I am a 23 year old student who after high school travelled around for 2 years. When I got back I still was not sure what to do and decided to enroll in economics. During this time I got ill and my father, who has MS, got a lot worse as well. I am currently in my 4th year, where normally it should take 3 years, and my GPA is a 3.25, despite being gifted with a good ''learning'' brain.

I still live at home because I was so consumed with my health problems over the past few years. The stress was severe and even lost $5000 of my savings while betting on medical test results against friends, I was so convinced that I gave them 5:1 (I was betting $5000 to win $25000 if my medical test where bad in the end). I was convinced I had cancer or a neurlogical disease like my father, because of all the symptoms I have.

A few month ago I finally managed to get an MRI scan, which was clean as well as several tests done by the oncologist.

Since then I finally started to focus on my studies and potential carreer. But I have been dealing with a great amount of stress, because I am so far behind my peers in term of possibilities. I dont know how to deal with this, I am trying to redo courses and taking extra courses in order to boost my GPA to 3.7+, but it really makes me depressed that I have reached this point. Furthermore I am dealing with a great amount of insecurity wether or not it will even make a difference. At last I am very unhappy at home, my parents nice but they argue a lot and it makes me very annoyed. Furthermore it is extremely tough to see the way how bad my father is doing, he can not walk anymore and it will only get worse.

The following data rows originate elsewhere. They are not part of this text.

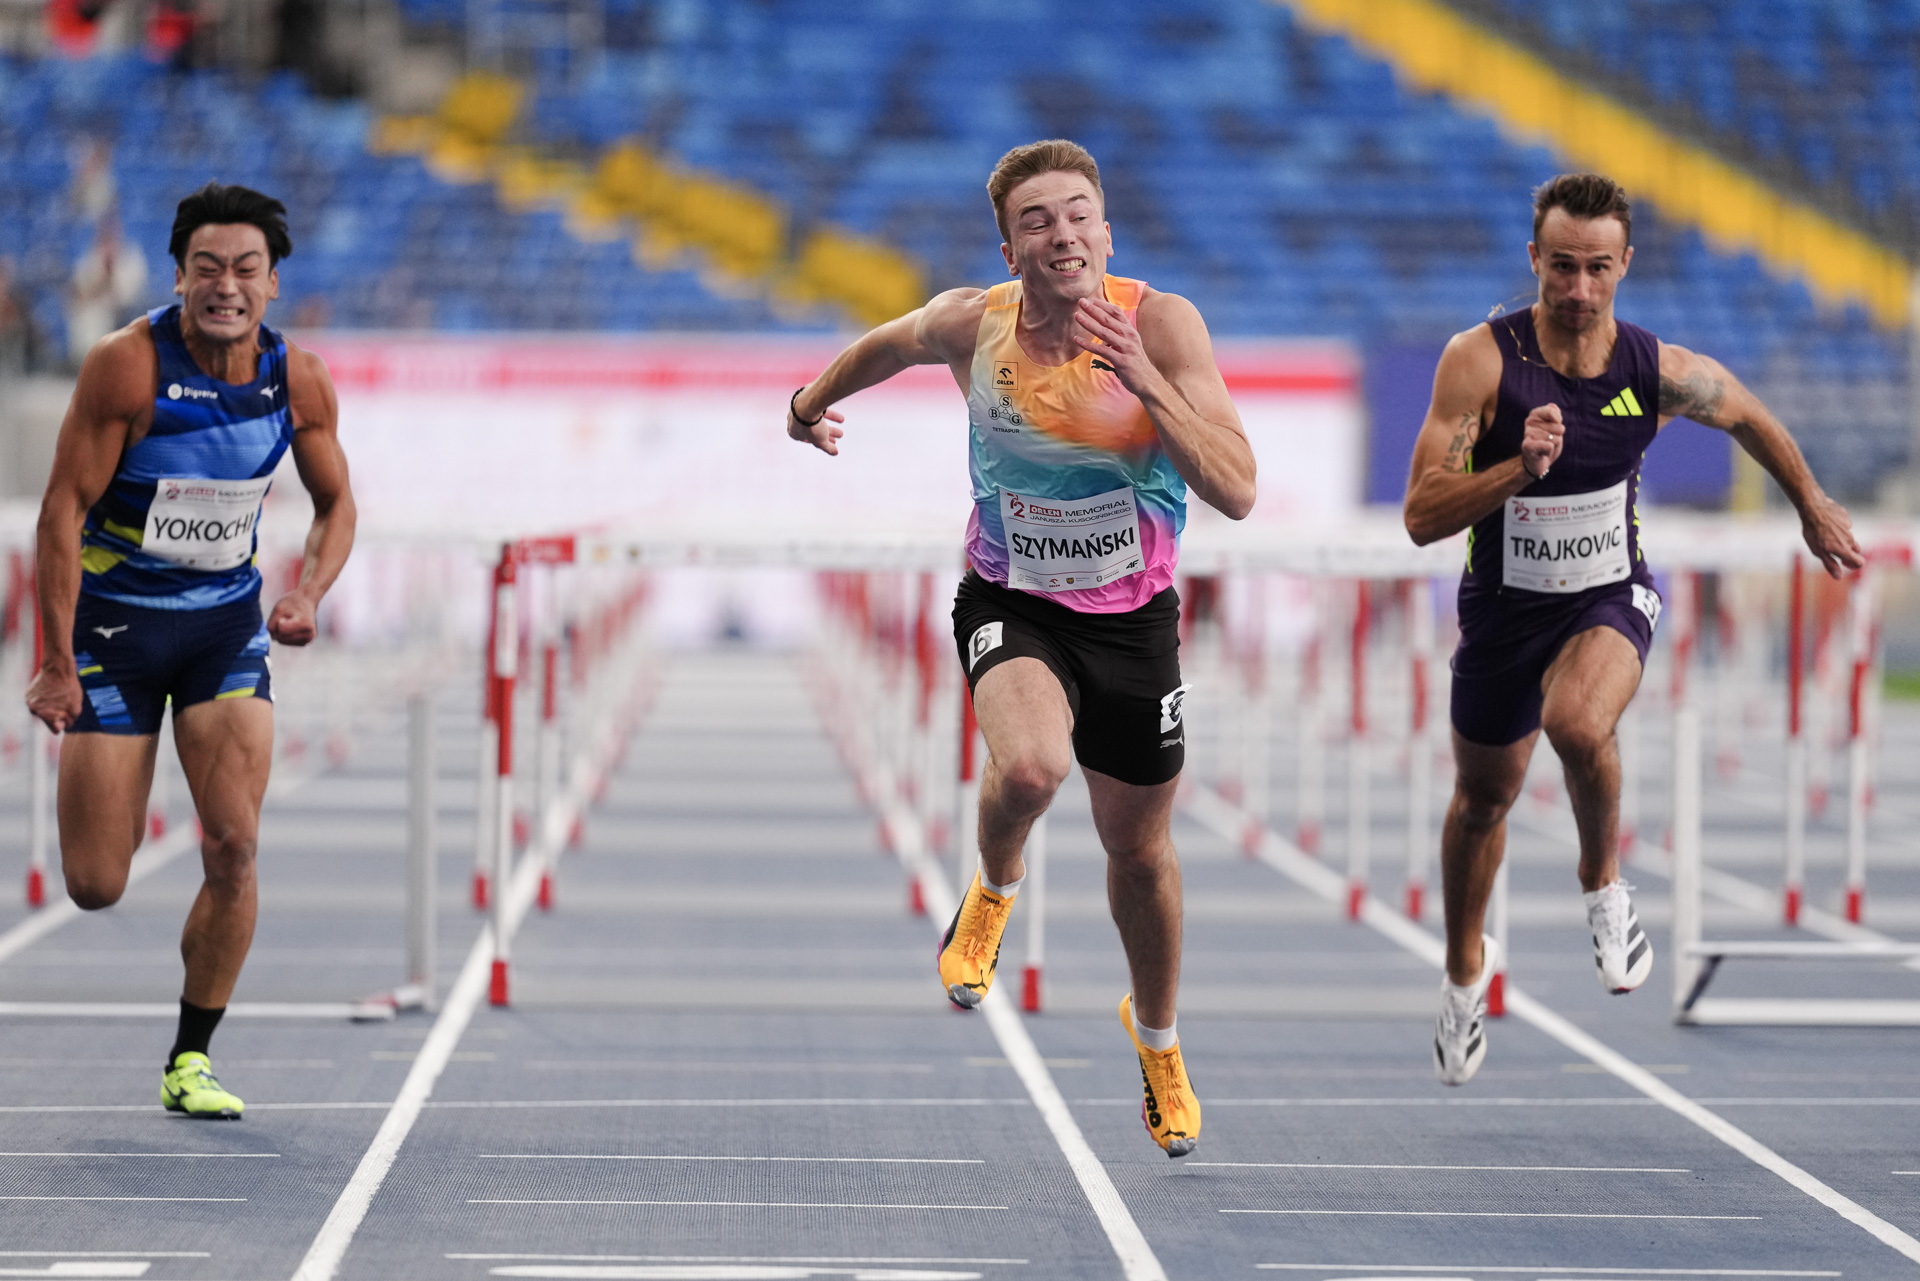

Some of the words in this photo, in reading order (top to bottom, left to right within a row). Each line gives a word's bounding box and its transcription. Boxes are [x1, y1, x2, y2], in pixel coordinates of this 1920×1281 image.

[1002, 397, 1010, 406] S
[991, 409, 998, 418] B
[1011, 414, 1020, 424] G
[1030, 515, 1066, 523] JANUSZA
[1068, 507, 1131, 523] KUSOCIŃSKIEGO
[1031, 506, 1060, 516] ORLEN
[1065, 499, 1129, 517] MEMORIAŁ
[154, 511, 255, 541] YOKOCHI
[1012, 526, 1135, 560] SZYMAŃSKI
[1510, 525, 1620, 561] TRAJKOVIC
[974, 627, 992, 659] 6

I tried applying to 20 internships at large banks, but no has invited me to an interview.

I am just so sick of my life, every decision I have made in my life is a result of stress and the result is bad.

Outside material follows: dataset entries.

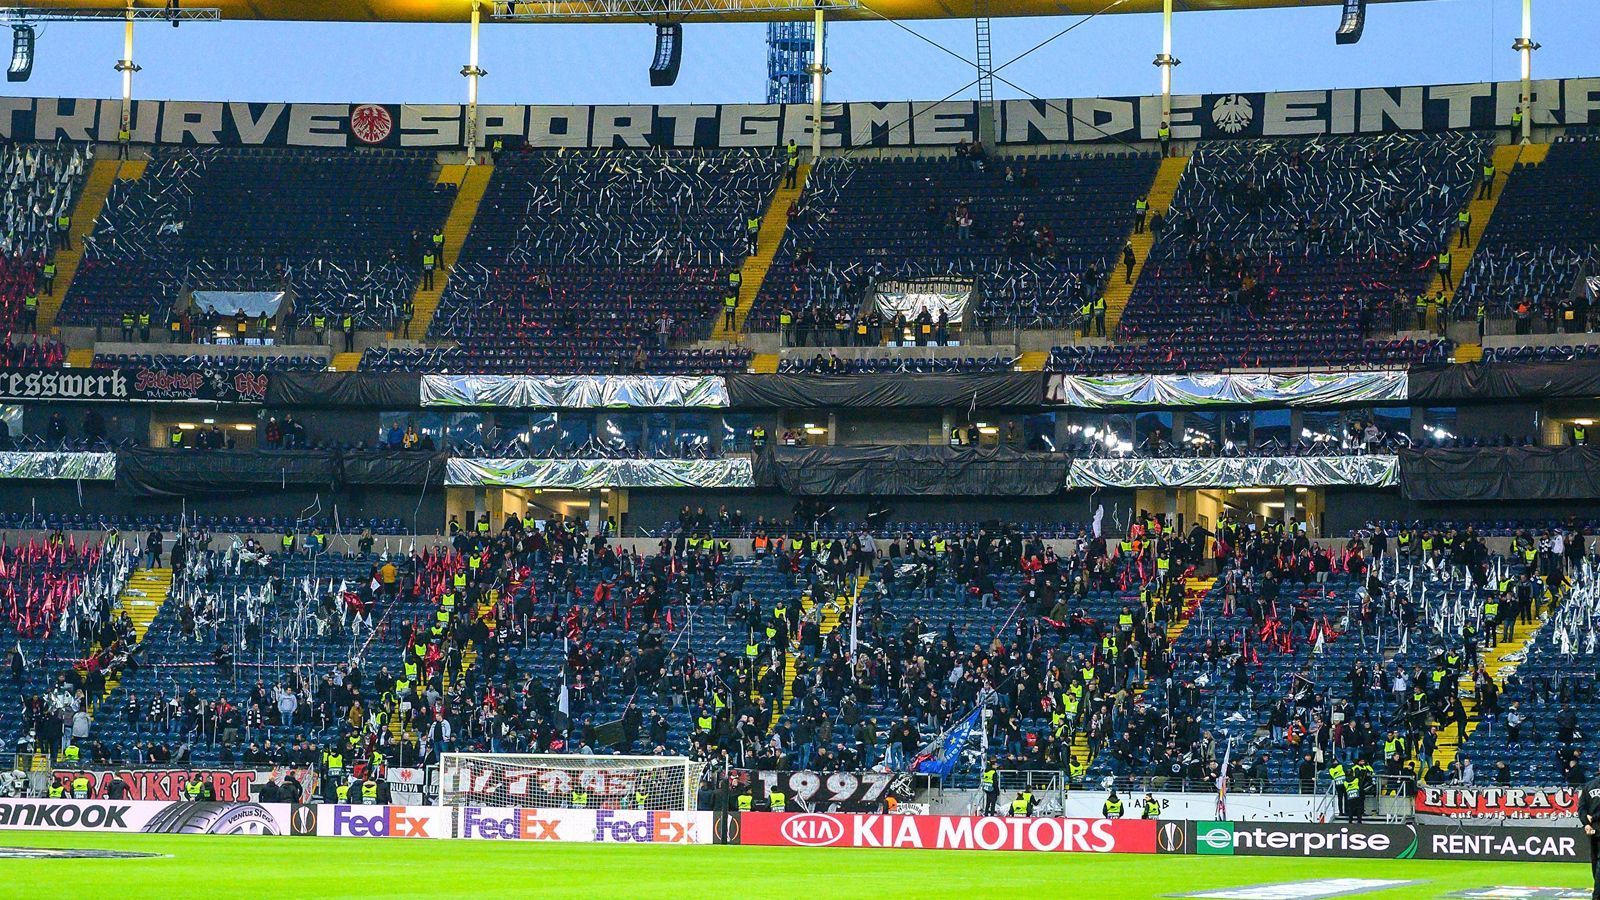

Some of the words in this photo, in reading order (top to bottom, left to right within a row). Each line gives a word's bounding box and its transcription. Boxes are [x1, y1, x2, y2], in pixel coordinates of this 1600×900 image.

[758, 772, 895, 801] 1997
[1424, 787, 1583, 808] EINTRAC
[333, 805, 429, 838] FedEx
[463, 807, 561, 840] FedEx
[596, 810, 695, 843] FedEx
[791, 820, 833, 839] KIA
[1450, 811, 1472, 819] auf
[1478, 811, 1505, 821] ewig
[1508, 810, 1530, 819] dir
[853, 816, 923, 848] KIA
[935, 817, 1115, 853] MOTORS
[1202, 827, 1390, 855] enterprise
[1433, 834, 1576, 857] RENT-A-CAR

It just feels so hopeless and I didnt imagine a life of mediocry while I was in high school, but it is heading that way.

I am just in a psychological mess due to all these factors and instead of learning for exams next week I am writing this post with tearing eyes.

 

I dont know. It just seems whatever I will do it will not make a difference anyway. I wont be able to reach my potential which I was born with. The rest of my life I will be 2nd tier version of myself, or worse. Everyday I try to change this, in my mind at least, but it has been a few months now and nothing has changed. Meanwhile I try to blow my brain out sitting at my parents place still while they keep shouting at each other. Then I think about it, what real alternatives do I really have? I can move out and waste my savings of 30k, then what? Sometimes I want to hit the reset button and start my life over, attending a new degree in uni, but then I realize this is not a real possibility. I am 23 already.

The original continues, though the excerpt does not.